Inspired by Faith and Science: Secular Faith

The professor, who's name I've forgotten, asked us to consider why English schoolchildren grow up convinced that the Romans conquered Britain and their emperor said "Veni, Vidi, Vinci," meaning "I came, I saw, I conquered."

1. We trust the teachers who tell us these things, trust the institutions that taught and qualified them and the schools that employed them. We decide they're probably not out to deceive us.
2. We trust the documentation: In Latin class we would translate simplified versions of ancient passages, but of course, we translated passages about Odysseus meeting the Sirens too. Why didn't we believe those were true? Perhaps because they didn't fit our worldview, whereas the records of Roman invasion were backed up by other evidence.
3. We trust the science: We trust the archeologists who dig beneath those villas and Roman roads. We trust the carbon dating of remains. We trust the derivations of names, the histories constructed from records and remains all over the world. We don't dig out the evidence ourselves, and wouldn't know how to perform the tests, but we trust them.

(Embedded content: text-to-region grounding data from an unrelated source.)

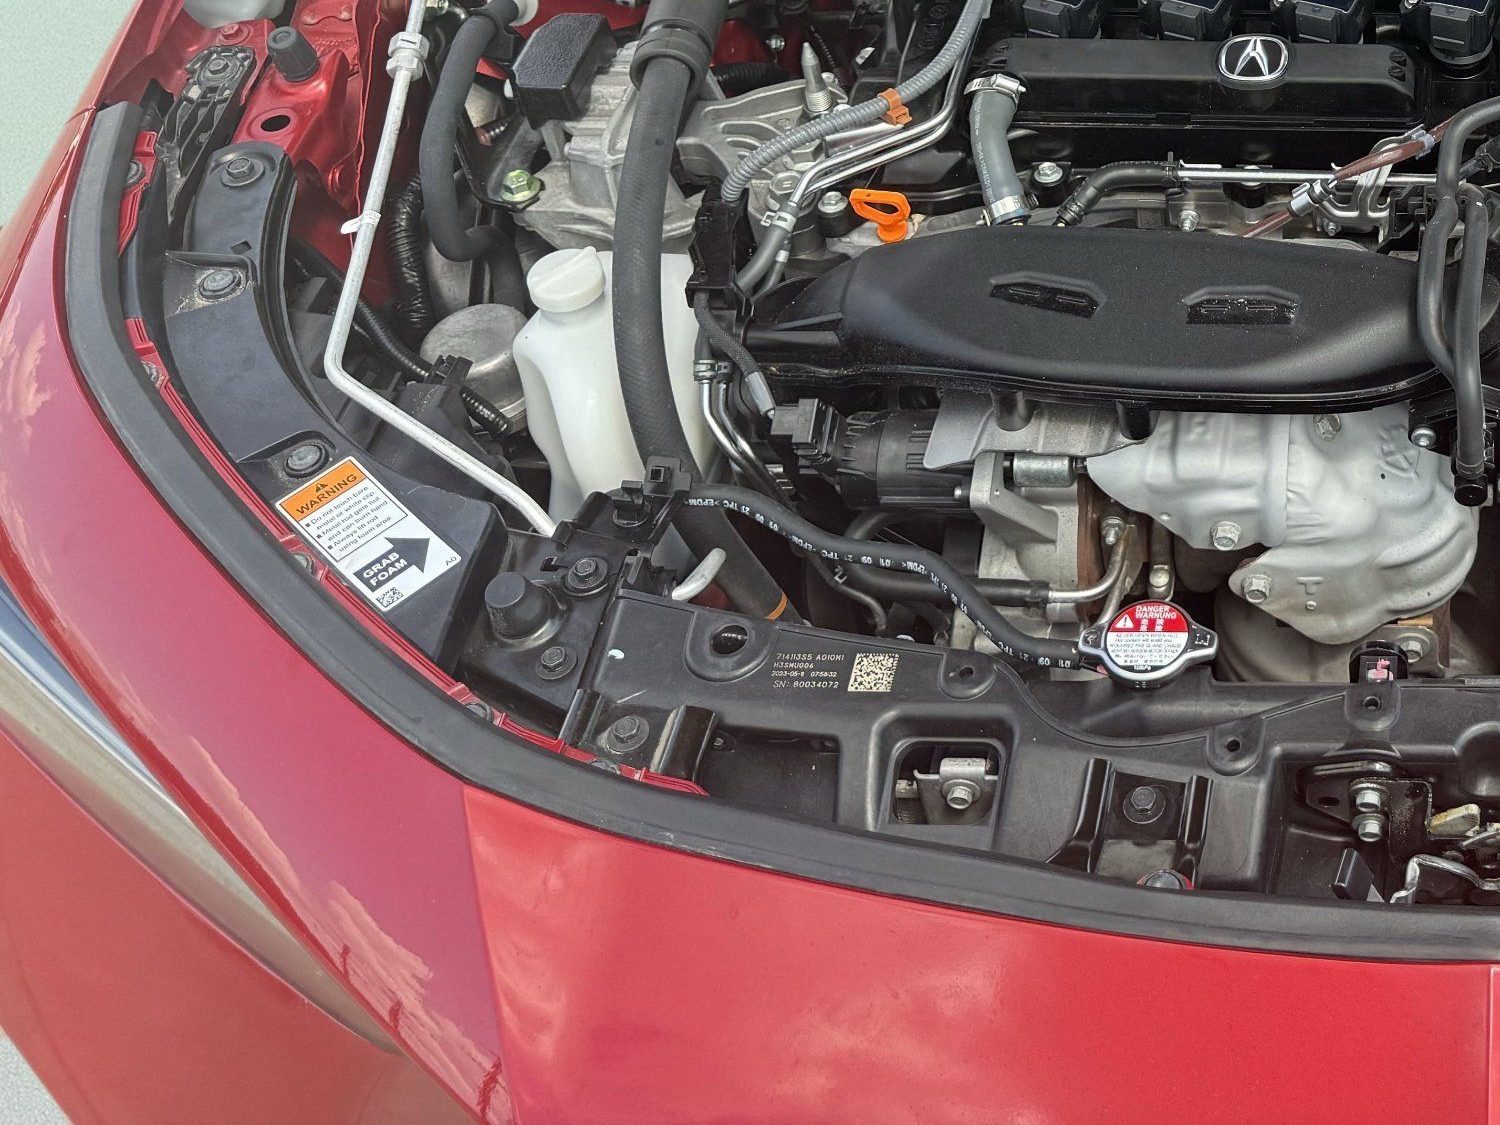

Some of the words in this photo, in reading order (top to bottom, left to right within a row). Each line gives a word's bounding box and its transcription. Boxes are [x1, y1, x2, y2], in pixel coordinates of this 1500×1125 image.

[295, 474, 357, 515] WARNING
[310, 516, 322, 525] Do
[322, 508, 334, 518] not
[333, 496, 353, 510] touch
[352, 486, 369, 498] bare
[722, 499, 739, 511] TPC
[316, 516, 336, 530] metal
[344, 499, 362, 512] white
[322, 521, 342, 536] Metal
[341, 513, 354, 523] rod
[354, 504, 369, 516] gets
[368, 496, 380, 505] hot
[328, 530, 341, 542] and
[342, 522, 355, 532] can
[354, 512, 371, 524] burn
[333, 530, 358, 546] Always
[357, 522, 367, 531] lift
[366, 515, 379, 525] rod
[338, 539, 359, 552] using
[357, 527, 376, 539] foam
[362, 551, 401, 579] GRAB
[821, 549, 839, 560] TPC
[369, 558, 408, 586] FOAM
[1135, 611, 1177, 619] WARNUNG
[998, 641, 1014, 656] TPC
[772, 680, 790, 688] SN:
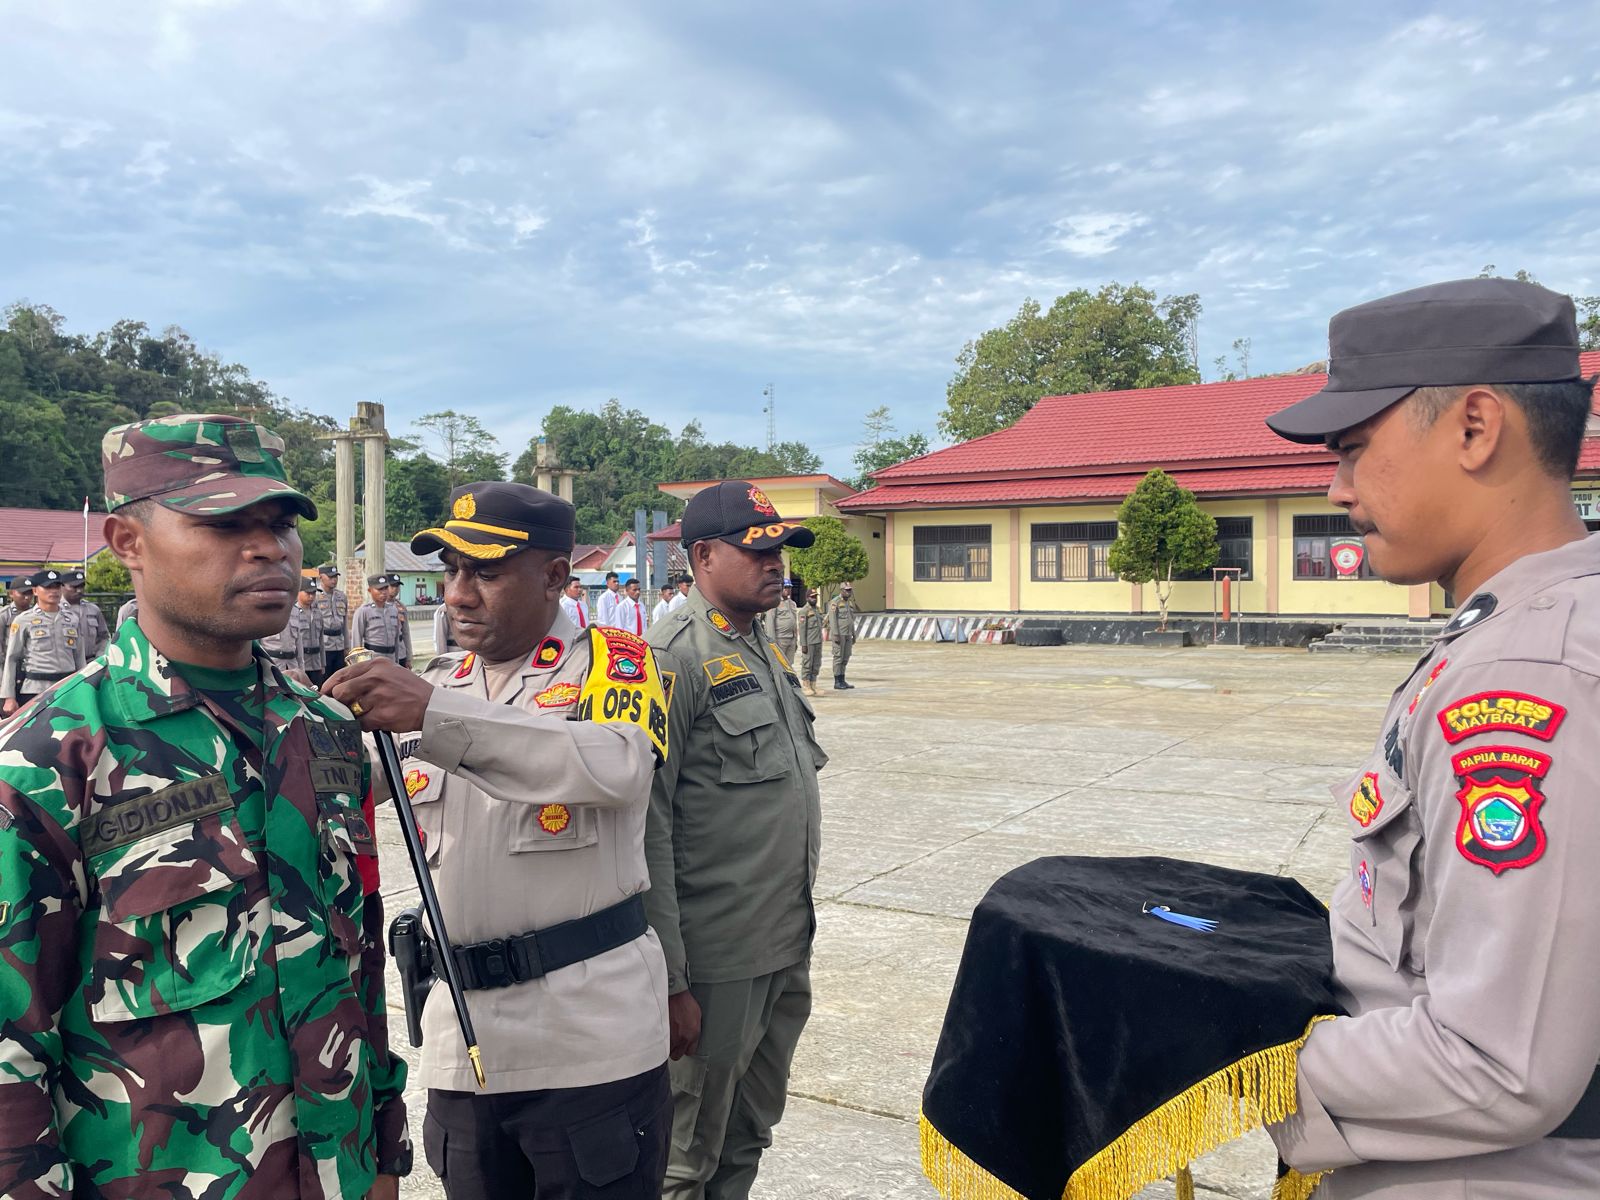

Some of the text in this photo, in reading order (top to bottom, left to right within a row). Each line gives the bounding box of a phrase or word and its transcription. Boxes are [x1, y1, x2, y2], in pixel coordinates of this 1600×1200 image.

[603, 688, 642, 722] OPS
[1446, 698, 1553, 721] POLRES
[1454, 713, 1540, 732] MAYBRAT
[1460, 752, 1541, 769] PAPUA BARAT
[320, 766, 349, 785] TNI
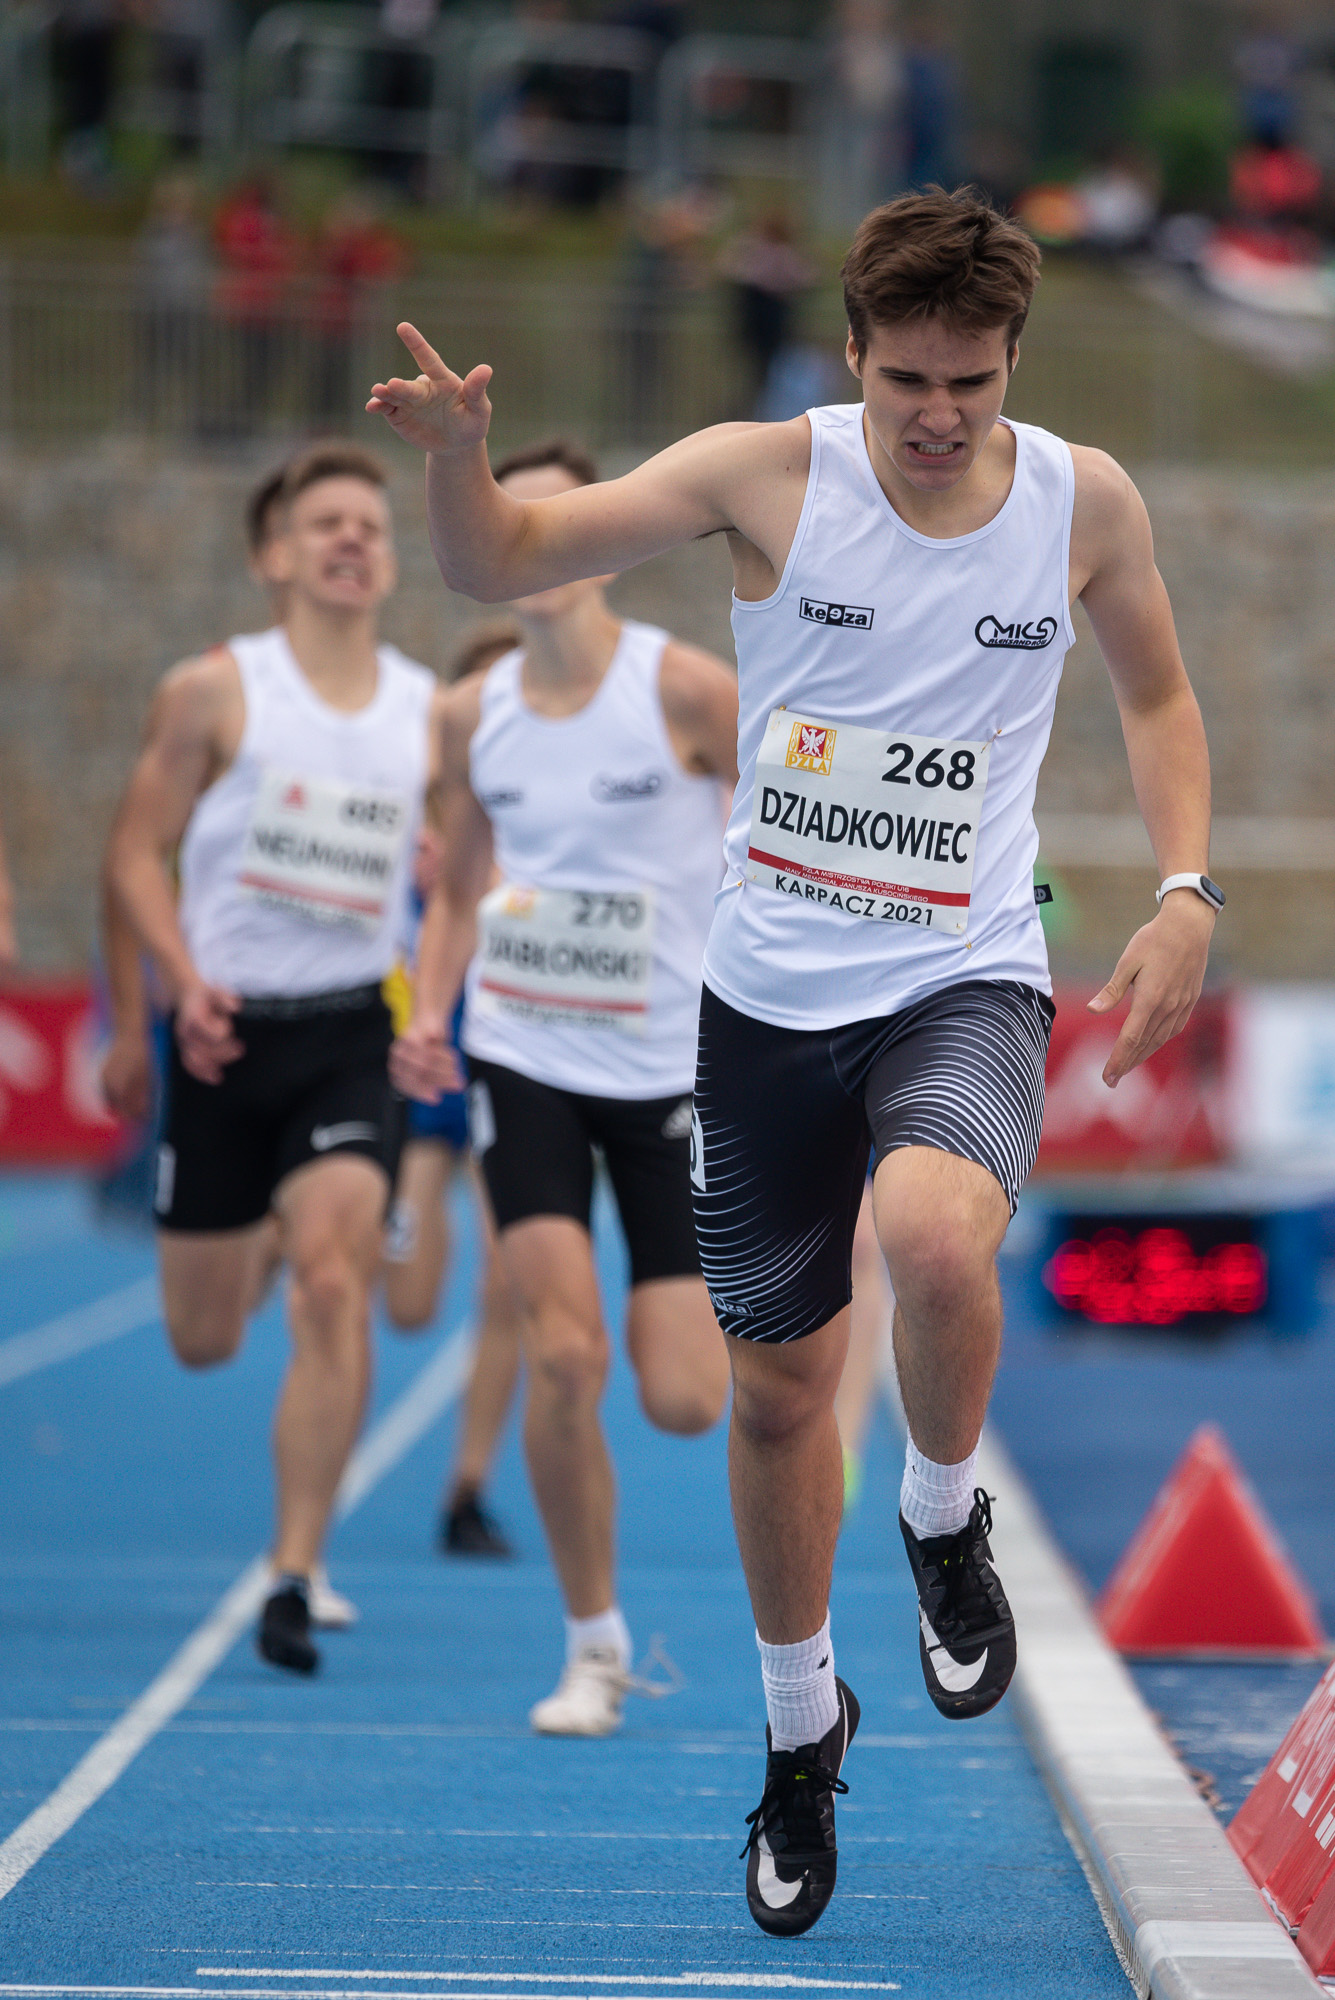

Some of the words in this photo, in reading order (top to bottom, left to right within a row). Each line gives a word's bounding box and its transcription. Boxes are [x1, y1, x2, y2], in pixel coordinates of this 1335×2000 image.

If we drive and don't understand organic chemistry, if we use emails and don't understand how IP addresses work, if we eat and don't grow and breed and fertilize our own food, then we live by faith, and it's not a crutch; it's an essential part of human life.

The professor continued by saying there's two types of faith: not spiritual and secular, but rather religious and informed. The above were all examples of informed faith--we'd change what we believed if we found we were wrong. Religious faith (not a spiritual term) isn't willing to change whatever the evidence, like the girl who runs religiously every day before breakfast, come rain or shine or hurricane, and will brook no obstacles.